Content starts
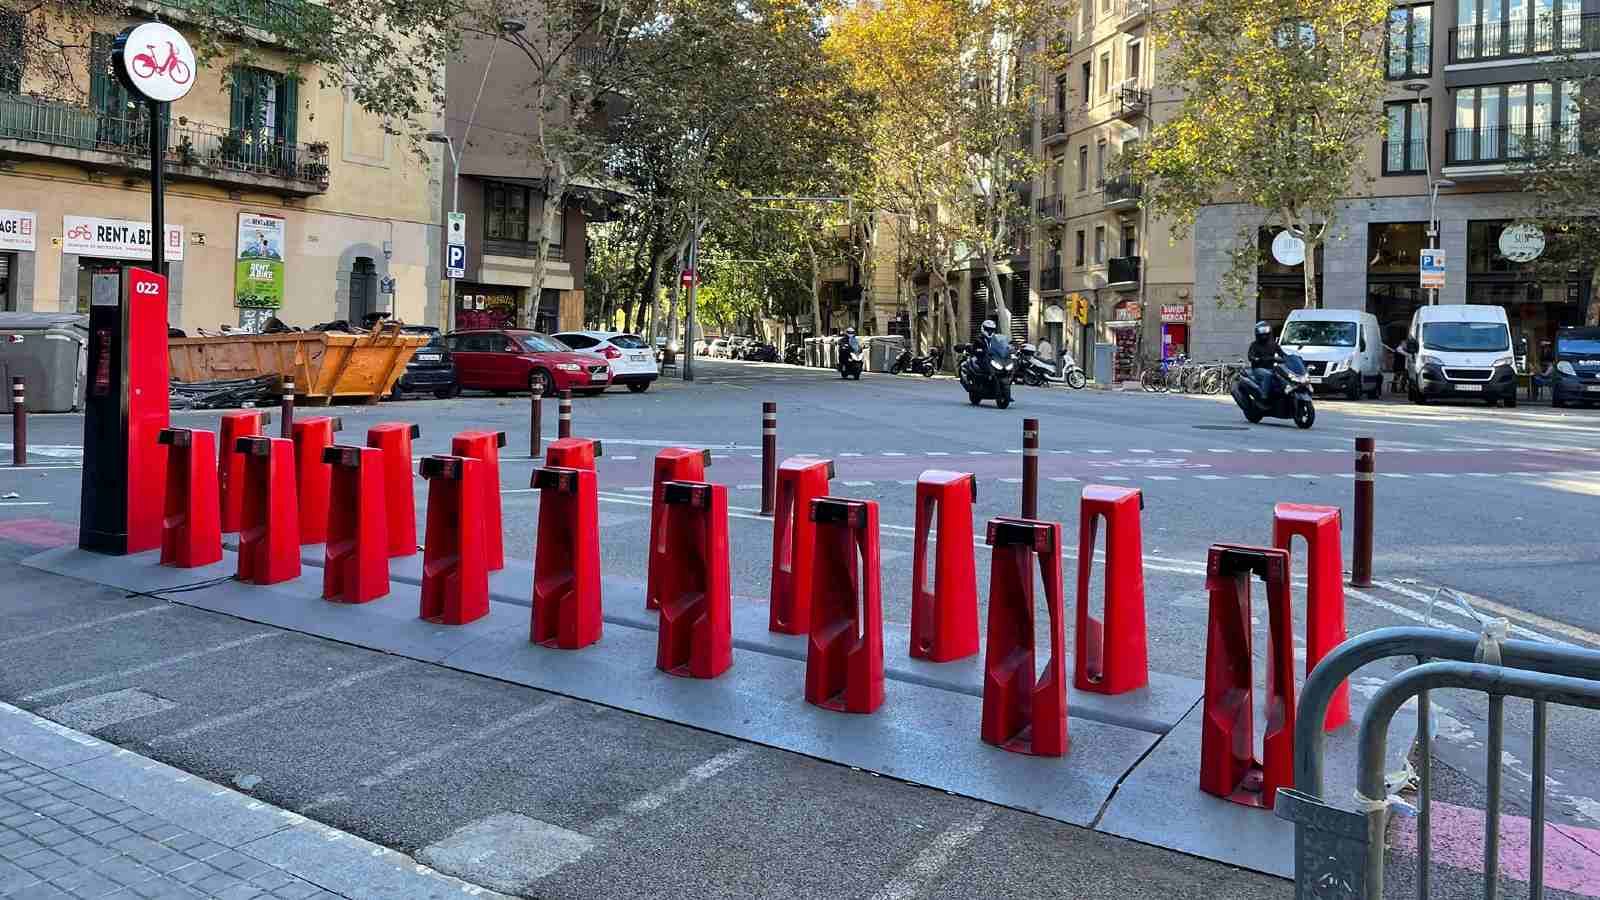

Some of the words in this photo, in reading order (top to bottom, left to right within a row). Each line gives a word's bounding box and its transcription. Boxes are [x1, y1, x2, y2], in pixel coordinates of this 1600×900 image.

[97, 225, 128, 244] RENT
[130, 234, 136, 244] A
[450, 247, 462, 267] P
[1423, 256, 1432, 267] P
[136, 281, 159, 295] 022
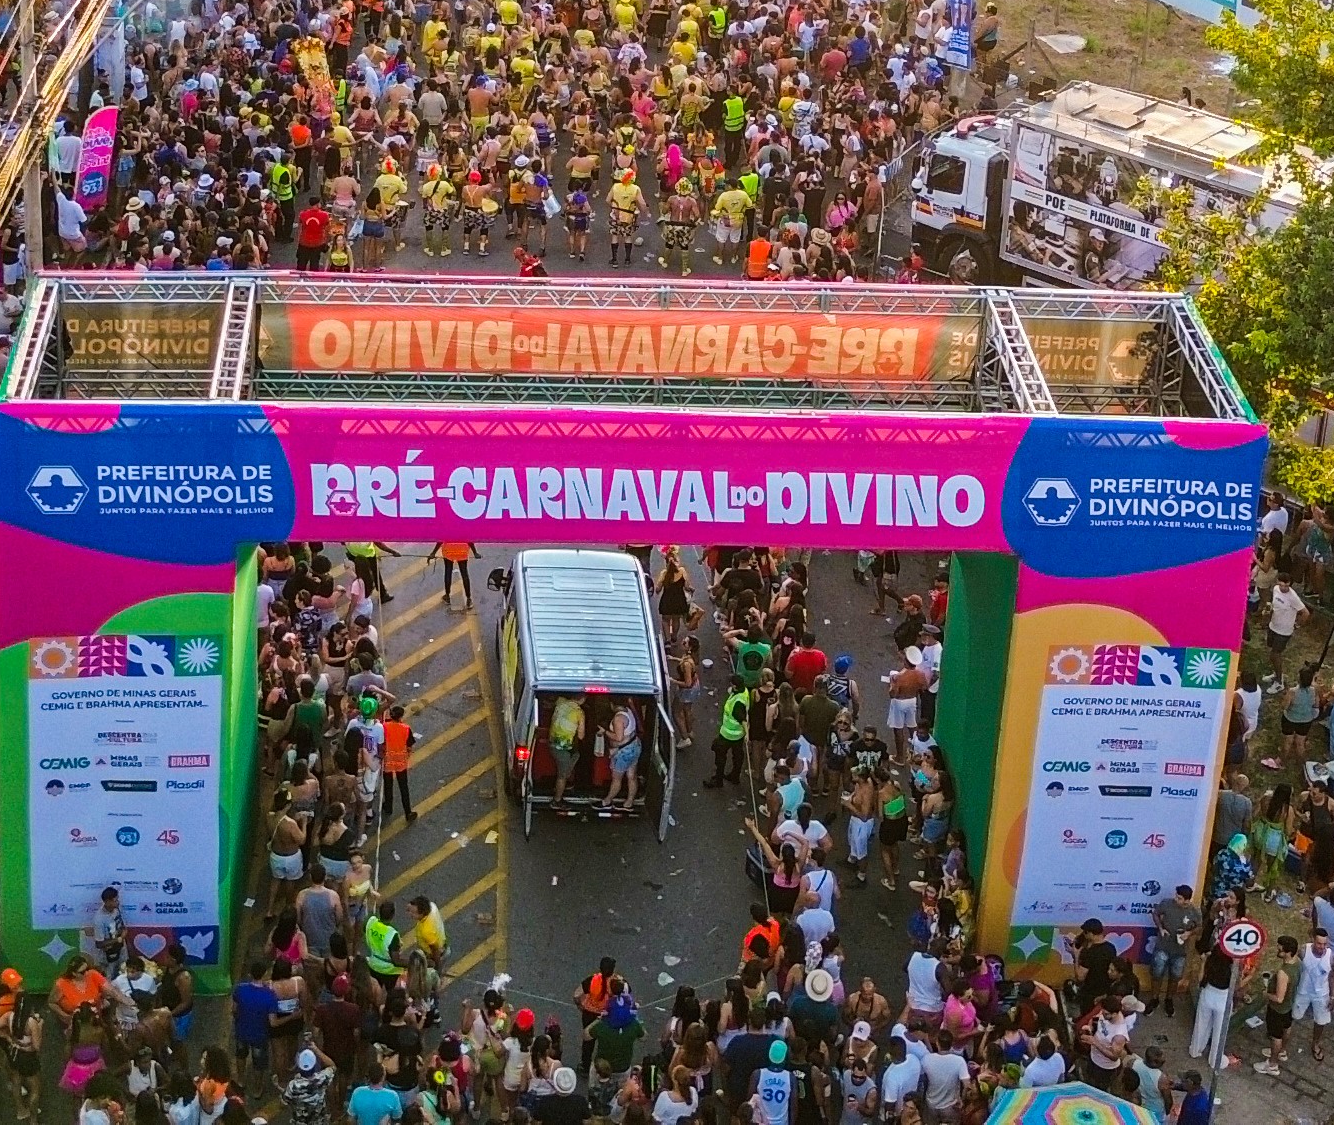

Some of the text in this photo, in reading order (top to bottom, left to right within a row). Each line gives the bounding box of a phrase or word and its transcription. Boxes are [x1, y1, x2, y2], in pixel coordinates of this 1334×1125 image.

[1045, 194, 1066, 211] POE
[1089, 210, 1151, 237] PLATAFORMA DE
[97, 465, 272, 481] PREFEITURA DE
[98, 480, 274, 504] DIVINÓPOLIS
[311, 449, 745, 523] PRÉ-CARNAVAL
[765, 470, 986, 528] DIVINO
[1090, 478, 1253, 498] PREFEITURA DE
[235, 507, 274, 515] MELHOR
[1089, 494, 1253, 521] DIVINÓPOLIS
[1089, 519, 1124, 527] JUNTOS
[1153, 520, 1181, 528] FAZER
[1215, 523, 1253, 532] MELHOR
[51, 689, 197, 700] GOVERNO DE MINAS GERAIS
[40, 702, 75, 711] CEMIG
[86, 700, 131, 709] BRAHMA
[1063, 697, 1202, 708] GOVERNO DE MINAS GERAIS
[1051, 708, 1084, 716] CEMIG
[1094, 709, 1138, 717] BRAHMA
[39, 756, 91, 770] CEMIG
[170, 756, 208, 767] BRAHMA
[1043, 761, 1092, 773] CEMIG
[1166, 763, 1202, 776] BRAHMA
[1159, 786, 1198, 797] Plasdil
[155, 829, 180, 845] 45
[1142, 833, 1166, 848] 45
[1225, 928, 1259, 946] 40
[762, 1088, 786, 1104] 30
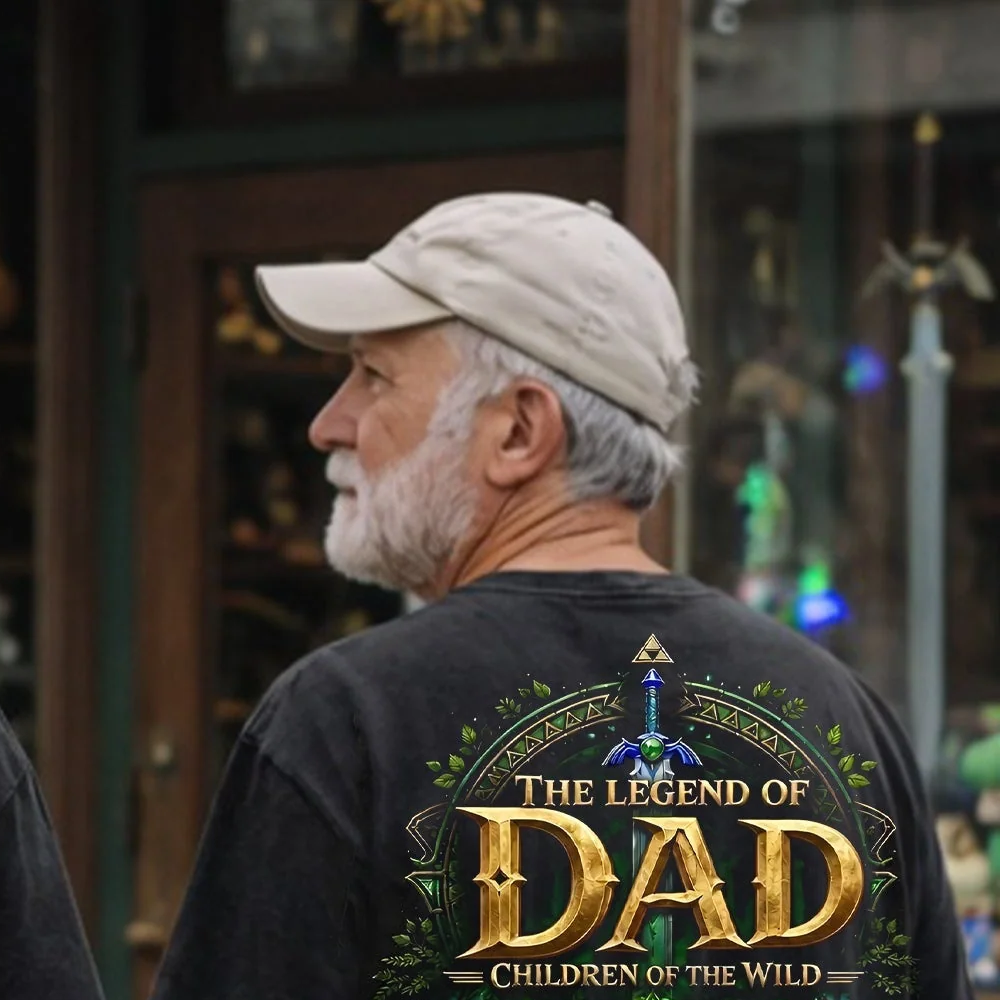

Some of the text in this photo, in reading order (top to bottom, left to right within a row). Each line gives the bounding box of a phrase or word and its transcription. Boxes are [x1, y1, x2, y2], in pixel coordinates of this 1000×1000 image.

[515, 775, 810, 806] THE LEGEND OF
[455, 806, 865, 959] DAD
[490, 961, 822, 988] CHILDREN OF THE WILD
Content ends
### Exercise brief:
Each line of the data is to be duplicated exactly; pictures stay out of the copy.

### Reply:
Some of the words in this photo, in reading order (top to bottom, left to right within a row). Each line gives a word's bounding box and its transcription. Boxes are [x1, y1, x2, y2], in pixel coordinates of this 1600×900 image.

[97, 225, 128, 244] RENT
[130, 234, 136, 244] A
[450, 247, 462, 267] P
[1423, 256, 1432, 267] P
[136, 281, 159, 295] 022

Some of the text in this photo, in reading order (top to bottom, left to right within a row). Each line gives the bounding box of a phrase or word and its transcription. Boxes are [x1, y1, x2, y2], in pixel coordinates of this 1334×1125 image.

[1045, 194, 1066, 211] POE
[1089, 210, 1151, 237] PLATAFORMA DE
[97, 465, 272, 481] PREFEITURA DE
[98, 480, 274, 504] DIVINÓPOLIS
[311, 449, 745, 523] PRÉ-CARNAVAL
[765, 470, 986, 528] DIVINO
[1090, 478, 1253, 498] PREFEITURA DE
[235, 507, 274, 515] MELHOR
[1089, 494, 1253, 521] DIVINÓPOLIS
[1089, 519, 1124, 527] JUNTOS
[1153, 520, 1181, 528] FAZER
[1215, 523, 1253, 532] MELHOR
[51, 689, 197, 700] GOVERNO DE MINAS GERAIS
[40, 702, 75, 711] CEMIG
[86, 700, 131, 709] BRAHMA
[1063, 697, 1202, 708] GOVERNO DE MINAS GERAIS
[1051, 708, 1084, 716] CEMIG
[1094, 709, 1138, 717] BRAHMA
[39, 756, 91, 770] CEMIG
[170, 756, 208, 767] BRAHMA
[1043, 761, 1092, 773] CEMIG
[1166, 763, 1202, 776] BRAHMA
[1159, 786, 1198, 797] Plasdil
[155, 829, 180, 845] 45
[1142, 833, 1166, 848] 45
[1225, 928, 1259, 946] 40
[762, 1088, 786, 1104] 30

Some of the text in this photo, in reading order (top to bottom, left to right within a row). Each line gives the bounding box of a phrase or word and its transcription. Boxes are [x1, y1, x2, y2], in pixel coordinates of this 1000×1000 image.

[515, 775, 810, 806] THE LEGEND OF
[455, 806, 865, 959] DAD
[490, 961, 822, 988] CHILDREN OF THE WILD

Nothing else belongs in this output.